I personally enjoyed the movie because of its overlying central message of embracing differences and that everyone has their place in society.    As someone on the autism spectrum who is programmed differently from everyone else, this message spoke volumes to me.  Growing up, I was made to feel that my different way of looking at things was not valued and that if I were to have friends and live a good life then I must conform and be like "everybody else."  Gene was made to feel ashamed of his natural ability of making several different emotions because emojis were only programmed to make one expression.  In the beginning of the movie, you can sense the other emojis' negative reactions towards him (ignoring him, making fun of him etc.).  I loved that he eventually finds two friends who embraced his differences and helped him appreciate his idiosyncratic way on looking at the world.   In my own life, I am lucky to have supportive family and friends who are helping me get to a place of acceptance and see the good of my autism.  However, the character I admired was Jailbreak who played the biggest role in getting Gene to see the good of his unique abilities.  She is also different and views herself as an "outcast" in the emoji city of Textropolis.  In my own life, Jailbreak reminds me of one of my friends who is on the autism spectrum who embraces my unique abilities and gets me to see the "good" of my abilities.  The emoji movie did a great job by emphasizing a supportive community and that you don't get to the point of acceptance without help and assistance from others.

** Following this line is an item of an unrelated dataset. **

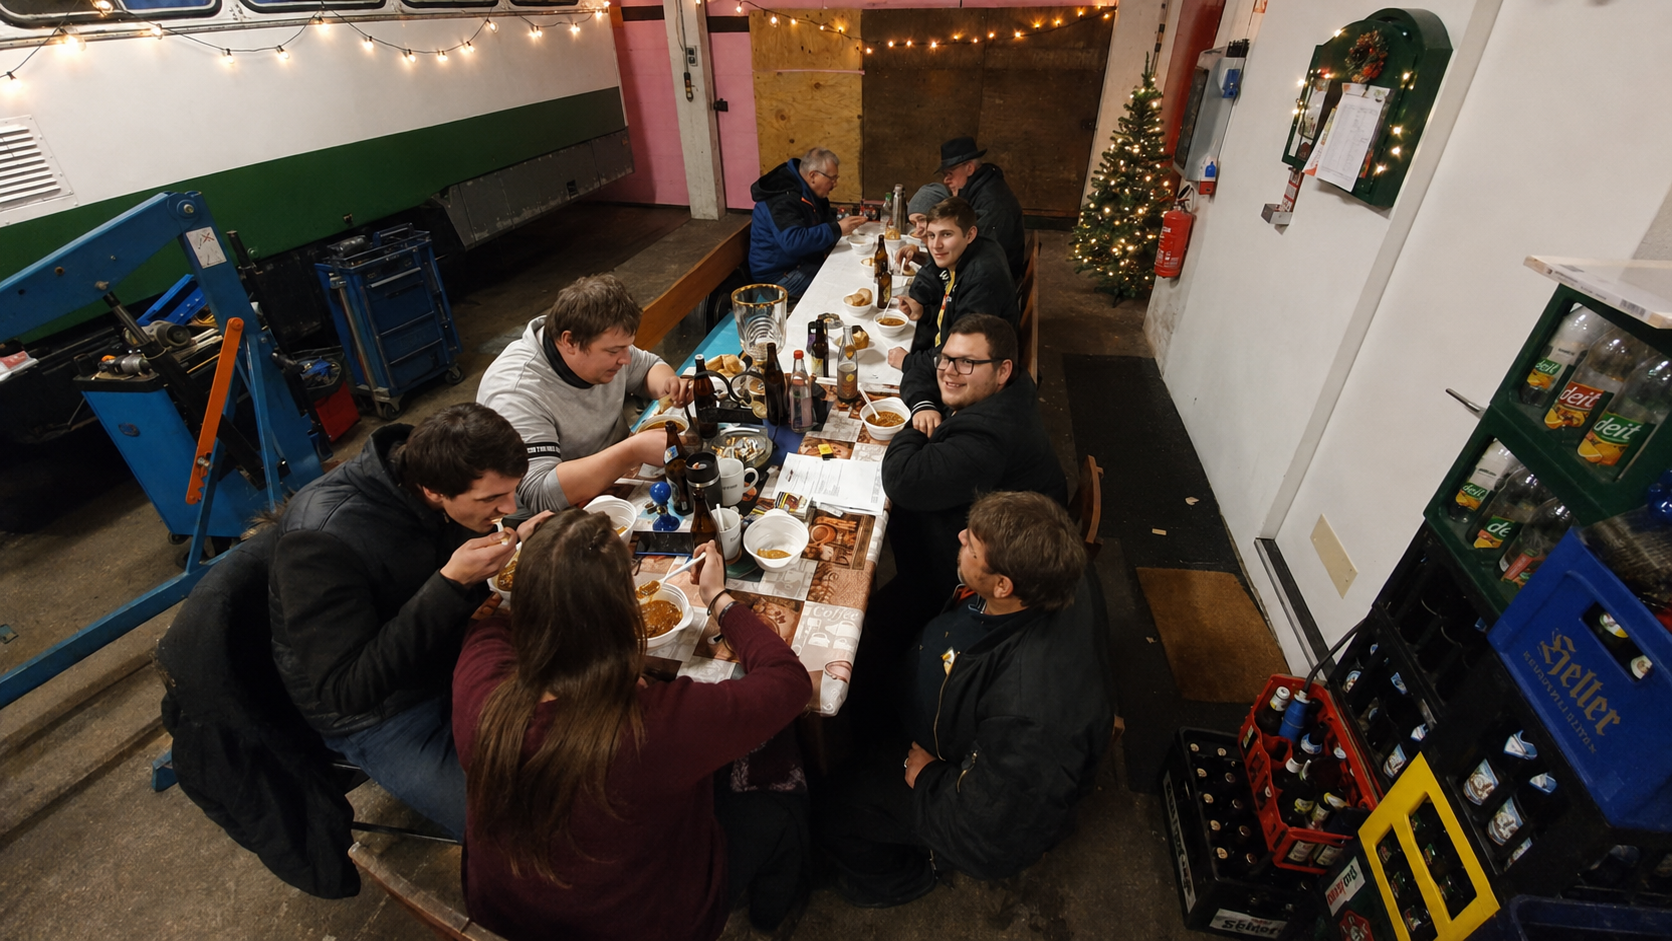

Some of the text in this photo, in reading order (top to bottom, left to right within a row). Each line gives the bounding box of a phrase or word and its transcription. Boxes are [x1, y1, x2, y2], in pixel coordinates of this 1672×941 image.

Another central message of the film that I admire and can tie into neurodiversity is that everyone has their place and can contribute to society.  This was evident in the ending of the movie.  Gene realizes that his unique ability to make several emotions has value and ends up saving everyone in Textropolis.  How this ties into autism, is that autistic people have unique talents that can be valuable contributions to society.  Too often these abilities are overlooked and as a result there is a huge unemployment rate among the autistic population.  I liked that Gene was given a second chance of getting his emotional expressions used  as a text message and ultimately was successful.  In my own life, I liked that my current workplace gave me a chance and opportunity at being a behavioral aide despite knowing about my autism diagnosis. They saw that I had a unique perspective and saw my autism a valuable contribution in getting to help kids.  I loved that the emoji movie really delved into this topic of value and worth in those who are not considered "normal" or "different."

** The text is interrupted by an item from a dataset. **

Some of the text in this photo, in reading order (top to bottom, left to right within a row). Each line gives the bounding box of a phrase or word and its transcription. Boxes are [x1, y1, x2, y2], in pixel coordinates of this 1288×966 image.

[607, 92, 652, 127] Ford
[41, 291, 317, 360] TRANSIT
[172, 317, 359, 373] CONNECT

In sum, the Emoji Movie is probably one of  the few animated films for children that has invaluable lessons alongside other films like Inside Out, Finding Dory and Zootopia. It teaches children to accept and embrace people who are different.  But more importantly,  the emoji movie makes us challenge the idea of "normal."  I like that we are heading in a positive direction and that more people are challenging the prescribed and arbitrary "rules" of society.    Being "normal" and "like everyone else" can prevent us from being creative and finding new solutions to current problems.  This is what I took away from seeing the Emoji Movie.    On the surface it might look like a cheesy kids movie, but it has some insightful powerful messages that  even adults can takeaway.   If anyone wants to see another powerful animation and cares about neurodiversity, then I recommend this film.